The proteasome inhibitor (PI) bortezomib may be used alone to treat relapsed MM (Richardson et al, 2005, 2007; Berenson et al, 2006). In vitro, bortezomib sensitized MM cell lines that were highly resistant to melphalan (Ma et al, 2003). In clinical studies, bortezomib plus the alkylating agent melphalan with or without ascorbic acid (without glucocorticosteroids) demonstrated response rates of 68–74% with manageable toxicity among patients with relapsed/refractory (R/R) and previously untreated MM (Berenson et al, 2006, 2009). A phase III study of previously untreated MM patients who were ineligible for high-dose therapy showed that bortezomib-MP significantly prolonged OS versus MP alone (San Miguel et al, 2008). Retreatment with bortezomib-based regimens in these patients was also effective (Mateos et al, 2010). However, one concern with bortezomib-based regimens is the relatively high incidence of peripheral neuropathy (PN; Richardson et al, 2003, 2005; Jagannath et al, 2004; Palumbo et al, 2010). Our clinical trials, which used a longer 4-week cycle and lower dose (1·0 mg/m2) of this PI, appear to reduce the occurrence and severity of PN without sacrificing efficacy (Berenson et al, 2006, 2009, 2011).
Bendamustine is a bifunctional mechlorethamine derivative with a multifaceted mechanism of action that distinguishes it fom other alkylators (Strumberg et al, 1996; Leoni et al, 2008; Cheson & Rummel, 2009). Bendamustine has shown incomplete cross-resistance with other alkylators (Strumberg et al, 1996) and has delivered more extensive and durable DNA damage than other alkylators (Strumberg et al, 1996). It elicits cell death via apoptosis or mitotic catastrophe and, unlike other alkylating agents that act on the alkyltransferase DNA repair pathway, bendamustine acts on the base excision repair DNA damage response pathway (Leoni et al, 2008).
Used for the treatment of chronic lymphocytic leukaemia and refractory indolent B cell non-Hodgkin lymphoma, bendamustine monotherapy has demonstrated efficacy in achieving remission in patients with MM (Pönisch & Niederwieser, 2002). A phase III study showed that bendamustine plus prednisone elicited a higher complete response (CR) rate and prolonged time to treatment failure compared with MP for newly diagnosed MM patients (Pönisch et al, 2006). In a recently published phase I/II trial, a partial response (PR) or better was achieved in 52% of 25 evaluable patients with R/R MM who received a maximum tolerated dose (MTD) of combination therapy with bendamustine (75 mg/m2 on days 1 and 2 of a 28-d cycle) and oral lenalidomide (10 mg/d on days 1–21) with a fixed weekly dose of 40 mg of oral dexamethasone (Lentzsch et al, 2012).

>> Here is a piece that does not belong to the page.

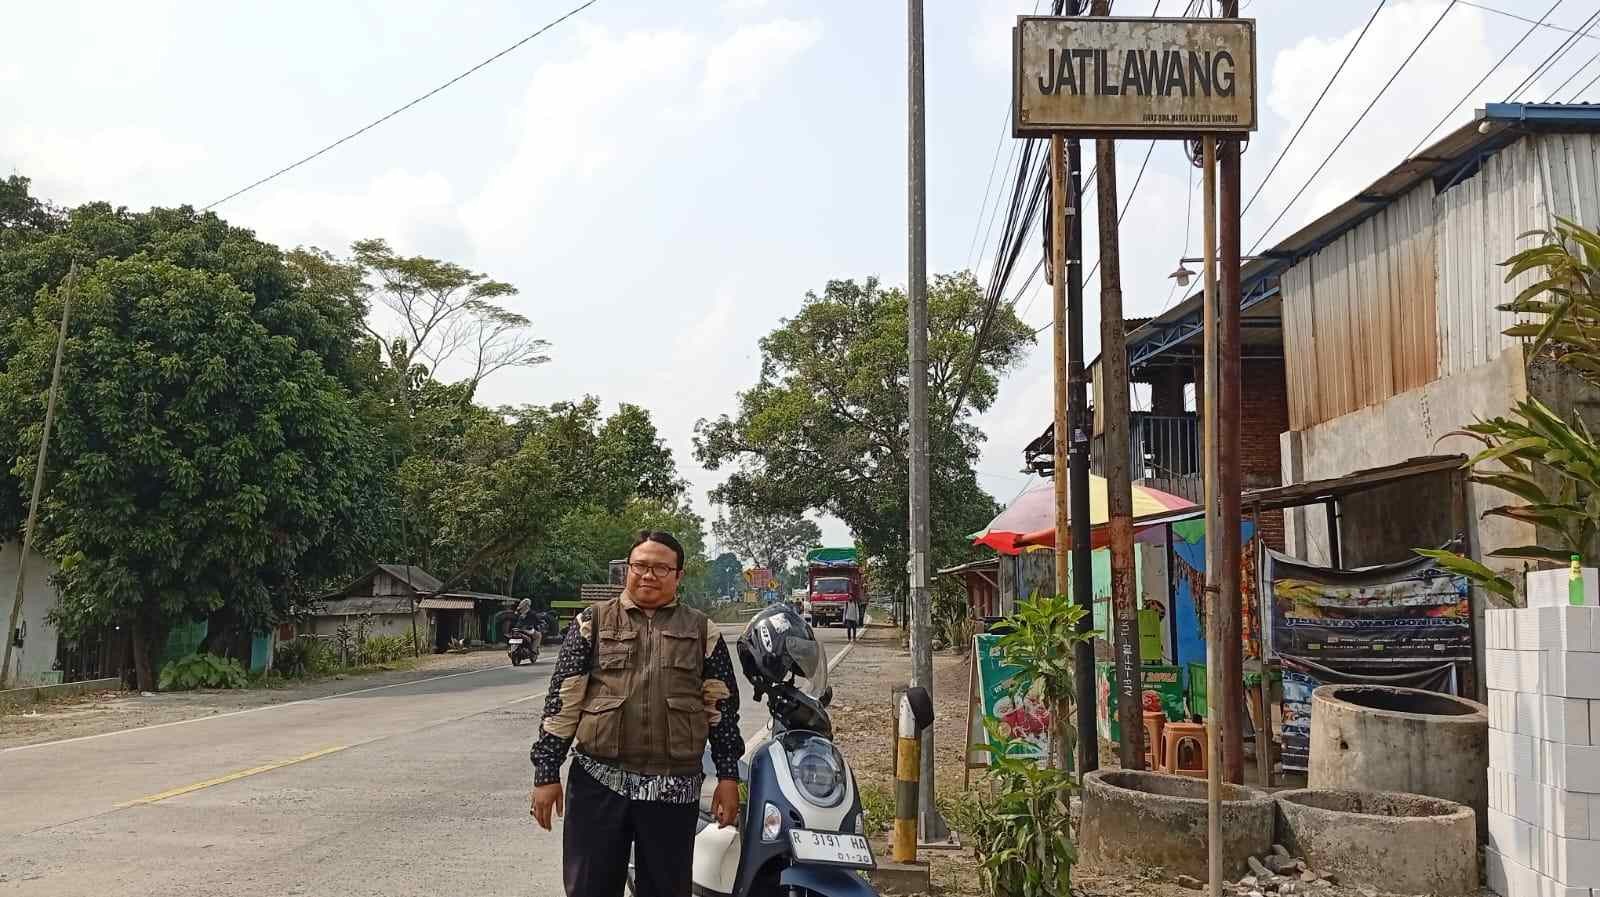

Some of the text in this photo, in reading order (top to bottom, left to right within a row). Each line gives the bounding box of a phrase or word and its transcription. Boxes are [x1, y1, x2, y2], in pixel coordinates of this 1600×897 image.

In vitro, the sensitivity of MM cells to bendamustine is enhanced by bortezomib (Zhang et al, 2008). Combining this agent with bortezomib may allow the effective use of lower doses of the PI, potentially reducing PN, as observed when combining other alkylators with bortezomib (Berenson et al, 2009). Furthermore, neither of these agents has extensive renal elimination nor leads to nephrotoxicity (Owen et al, 2010; Piro & Molica, 2011); and renal impairment commonly occurs in MM patients, limiting and complicating the use of some anti-MM agents, including lenalidomide. In this study, we determined the MTD of bendamustine that can be combined with bortezomib in R/R MM patients and then assessed the tolerability and efficacy of that combination for an expanded cohort of similar patients at the MTD.
Study design and drug administration
This was an open-label, multicentre, nonrandomized, dose-escalating, phase I/II study conducted from May 2009 to August 2011 for patients with R/R MM. The study was conducted in accordance with the Guideline for Good Clinical Practice approved by the International Conference on Harmonisation and local ethics committees. All patients provided written informed consent.
During phase I of the study, patients received bendamustine 50 (cohort 1), 70 (cohort 2), or 90 mg/m2 (cohort 3), infused intravenously over 1 h on days 1 and 4. Per protocol, patients also received intravenous bortezomib 1·0 mg/m2 over 3–5 s on days 1, 4, 8, and 11 of each 28-d treatment cycle, a regimen that the Clinical Response and Efficacy Study of Bortezomib in the Treatment of Relapsing Multiple Myeloma (CREST) showed to be clinically active (CR + PR 30%) but with a lower incidence of PN (21%) than the standard 1·3 mg/m2 dose (62%) (Jagannath et al, 2004; Berenson et al, 2006).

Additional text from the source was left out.